_DATA TO EXAMINE_
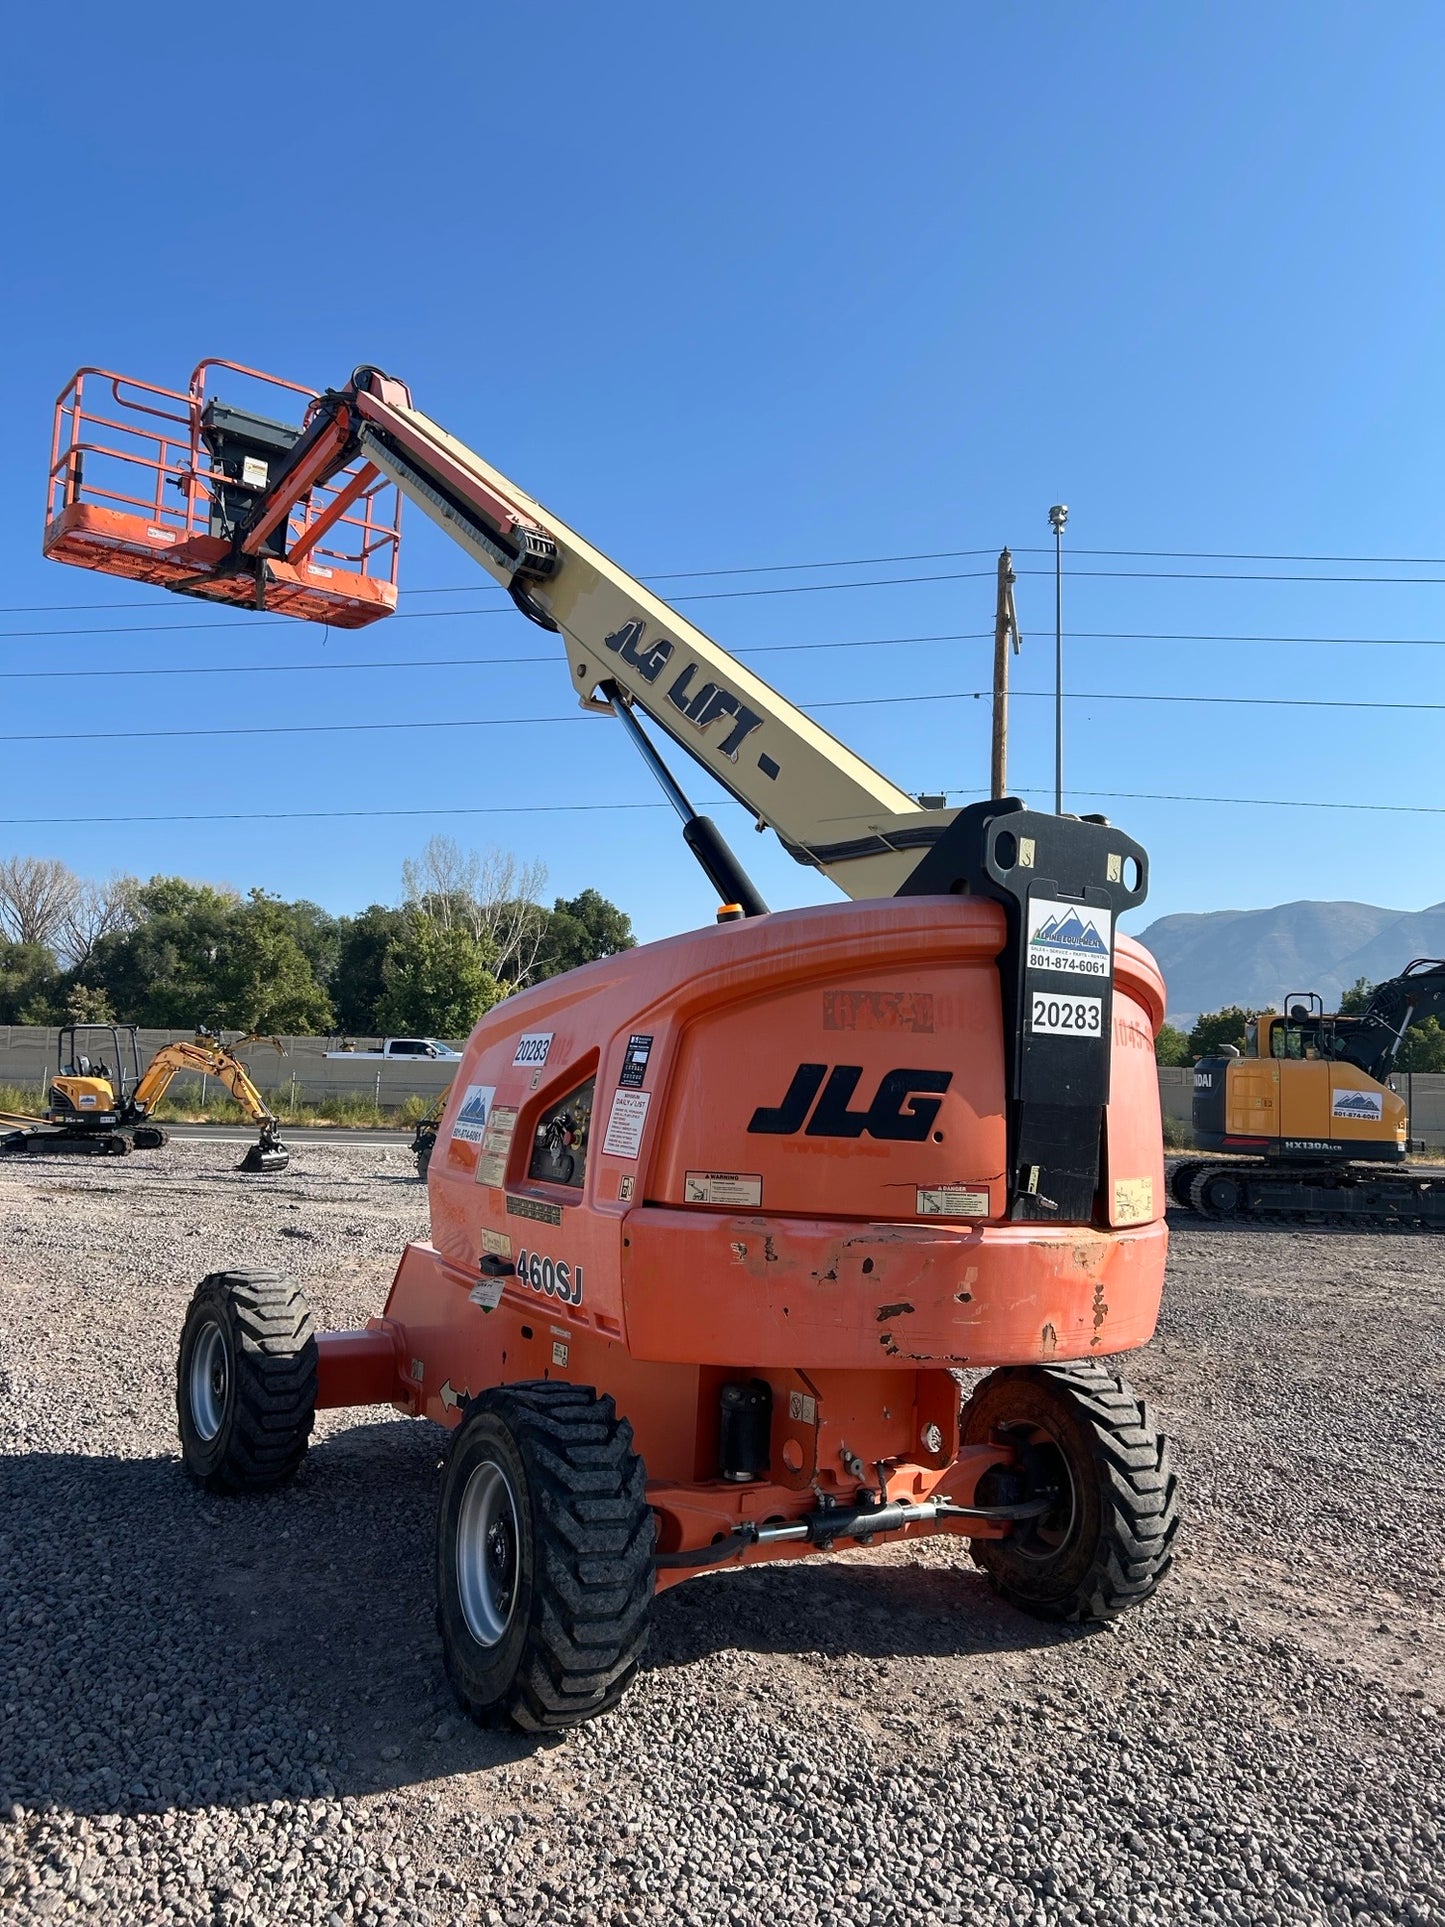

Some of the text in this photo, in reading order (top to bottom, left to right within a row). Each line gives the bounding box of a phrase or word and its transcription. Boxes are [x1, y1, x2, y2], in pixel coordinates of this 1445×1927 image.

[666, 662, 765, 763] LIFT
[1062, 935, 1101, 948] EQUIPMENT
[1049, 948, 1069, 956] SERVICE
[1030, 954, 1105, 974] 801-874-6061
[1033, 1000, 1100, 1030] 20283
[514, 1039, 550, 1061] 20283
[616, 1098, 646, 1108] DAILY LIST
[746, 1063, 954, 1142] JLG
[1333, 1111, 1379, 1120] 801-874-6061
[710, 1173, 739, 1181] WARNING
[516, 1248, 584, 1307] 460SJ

_ACTION ITEM_
Repeat each line of the records exactly, dropping the pictures.

_OUTPUT_
Some of the text in this photo, in reading order (top to bottom, left to right within a row). Each line gives the bounding box of a phrase or word and its transcription. Boxes are [x1, y1, x2, y2], in pixel coordinates of this 1445×1927 image.

[666, 662, 765, 763] LIFT
[1062, 935, 1101, 948] EQUIPMENT
[1049, 948, 1069, 956] SERVICE
[1030, 954, 1105, 974] 801-874-6061
[1033, 1000, 1100, 1030] 20283
[514, 1039, 550, 1061] 20283
[616, 1098, 646, 1108] DAILY LIST
[746, 1063, 954, 1142] JLG
[1333, 1111, 1379, 1120] 801-874-6061
[710, 1173, 739, 1181] WARNING
[516, 1248, 584, 1307] 460SJ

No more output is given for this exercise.